Faced with this, the tenant's uncle and rent guarantor, Ricardo Amador, did declare, backing the accused's version. He assured that both he and his nephew had authorized the civil guard to review their data before closing the operation.
"I am a plumber, I have Civil Guard clients and I don't make any problem for them to make the inquiries they want because I have nothing to hide" - Ricardo Amador, guarantor
The defense maintained that there was consent for the consultations
Agent M.V.M. maintained that the checks were carried out with express permission from both. He set up a meeting with the tenant and his uncle several days before July 19, 2021, the date on which the contract was signed, and stated that a deposit contract was then signed in which he recorded his status as a public servant.
"Both Rubén and his uncle Andrés told me back then that since I was a civil guard I could make the necessary checks to certify that they were trustworthy people and that the payments were guaranteed" - M.V.M., accused civil guard
According to his account, he consulted the tenant's data on five occasions. In the case of the uncle and guarantor, the searches approached a dozen. The accused also maintained that a part of those consultations occurred before formalizing the rental and that another was made two years after the contract for the property he owned had expired.
One of the searches on the tenant was carried out after the contract ended and, according to the version of the civil guard, it was at the request of the tenant himself, who wanted to know if there was any complaint against him after being involved in a traffic accident. The agent assured that in that access he detected a complaint for the theft of mobile phones in Mediamarkt.

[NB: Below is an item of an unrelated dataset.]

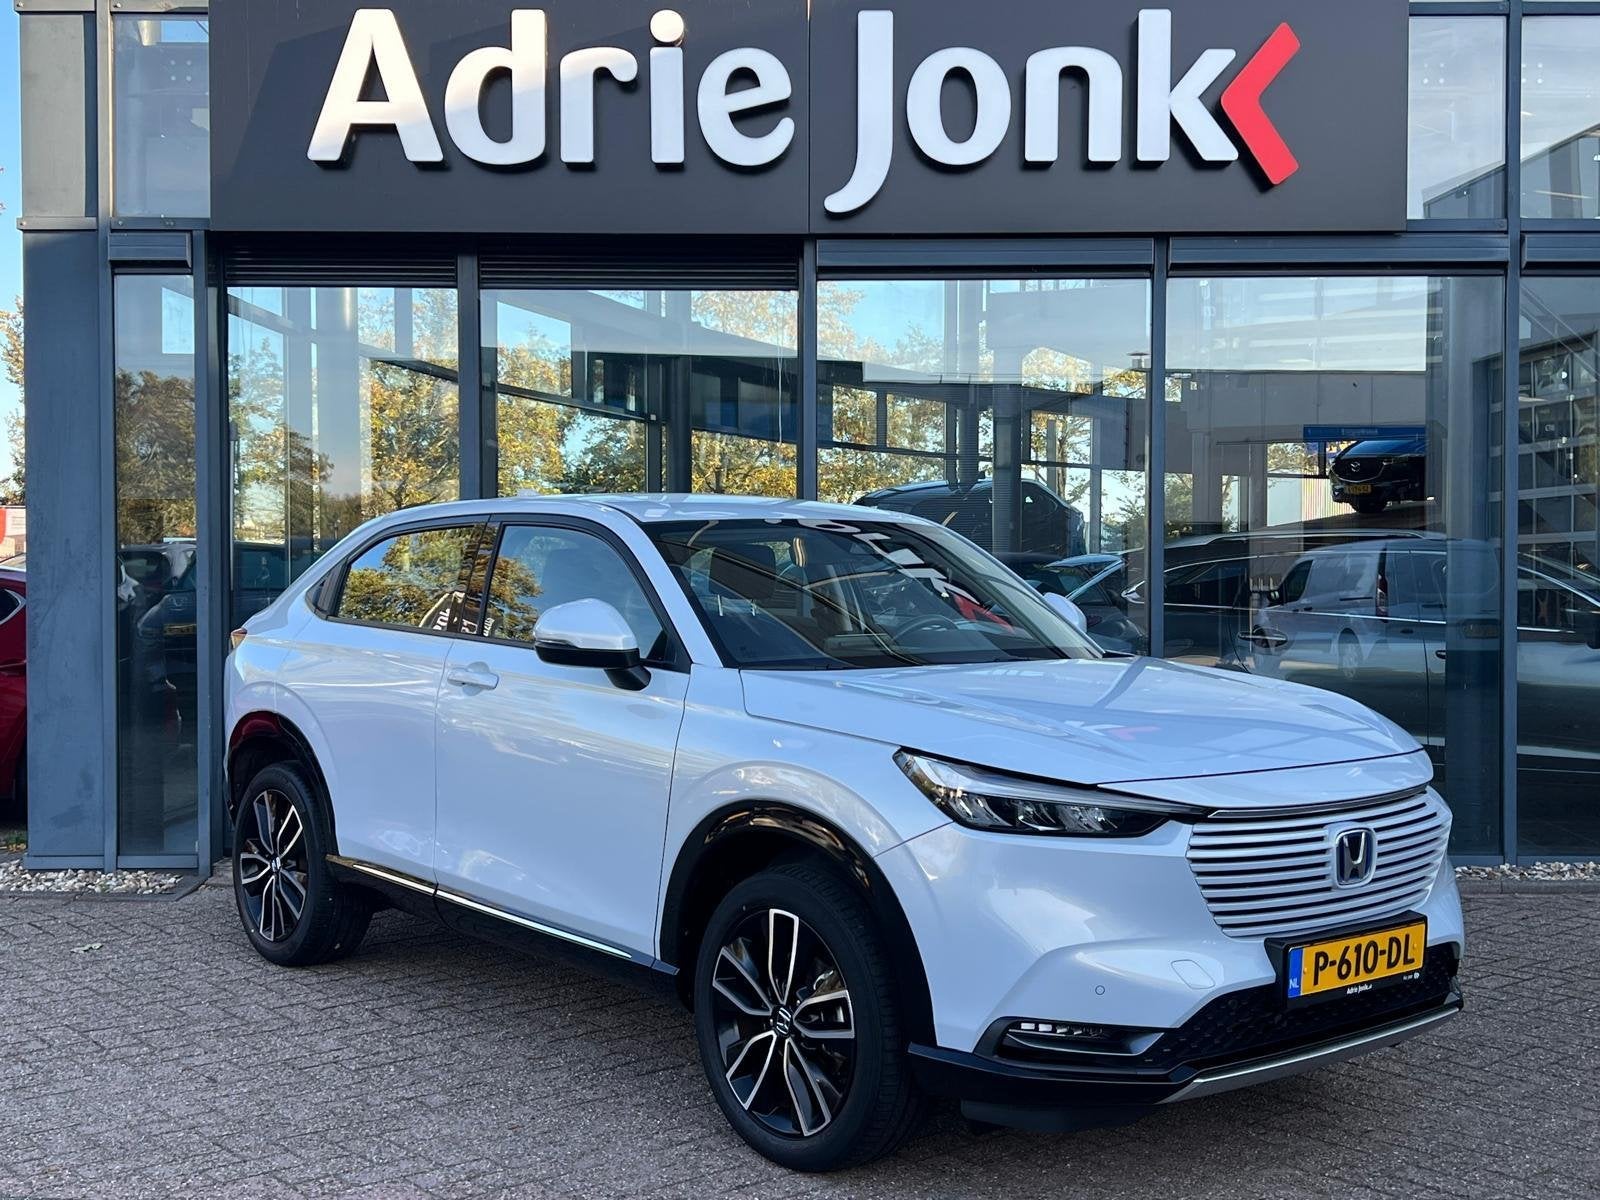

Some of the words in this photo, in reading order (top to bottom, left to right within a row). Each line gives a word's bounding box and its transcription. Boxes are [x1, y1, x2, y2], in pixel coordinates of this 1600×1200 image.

The Prosecutor's Office maintained that there was an illegal use of reserved data
The public prosecutor maintained during the trial that the accesses were not justified and that they constituted an illegal use of a database with reserved, sensitive, and constitutionally protected information. He also noted that neither of the two people consulted was being investigated for the commission of a crime.
A good part of the accusation focused on the searches made upon termination of the contract, when, always according to the Prosecutor's Office's thesis, the problems to collect the rents began. The prosecutor added that the tenant reported the agent in 2023 and requested a restraining order by stating that he was receiving pressure to pay.
"The tenant reported the agent in 2023 and requested a restraining order because he began to receive pressure to pay in which the accused told him he knew about the theft at Mediamarkt and threatened to put him in prison by telling him he had friends in the judiciary" - prosecutor
Despite that request for conviction, the Court has concluded that it has not been proven that the civil guard accessed the file without authorization from those affected nor that those consultations generated a criminally relevant harm. With that reasoning, the court has agreed to the acquittal of the agent.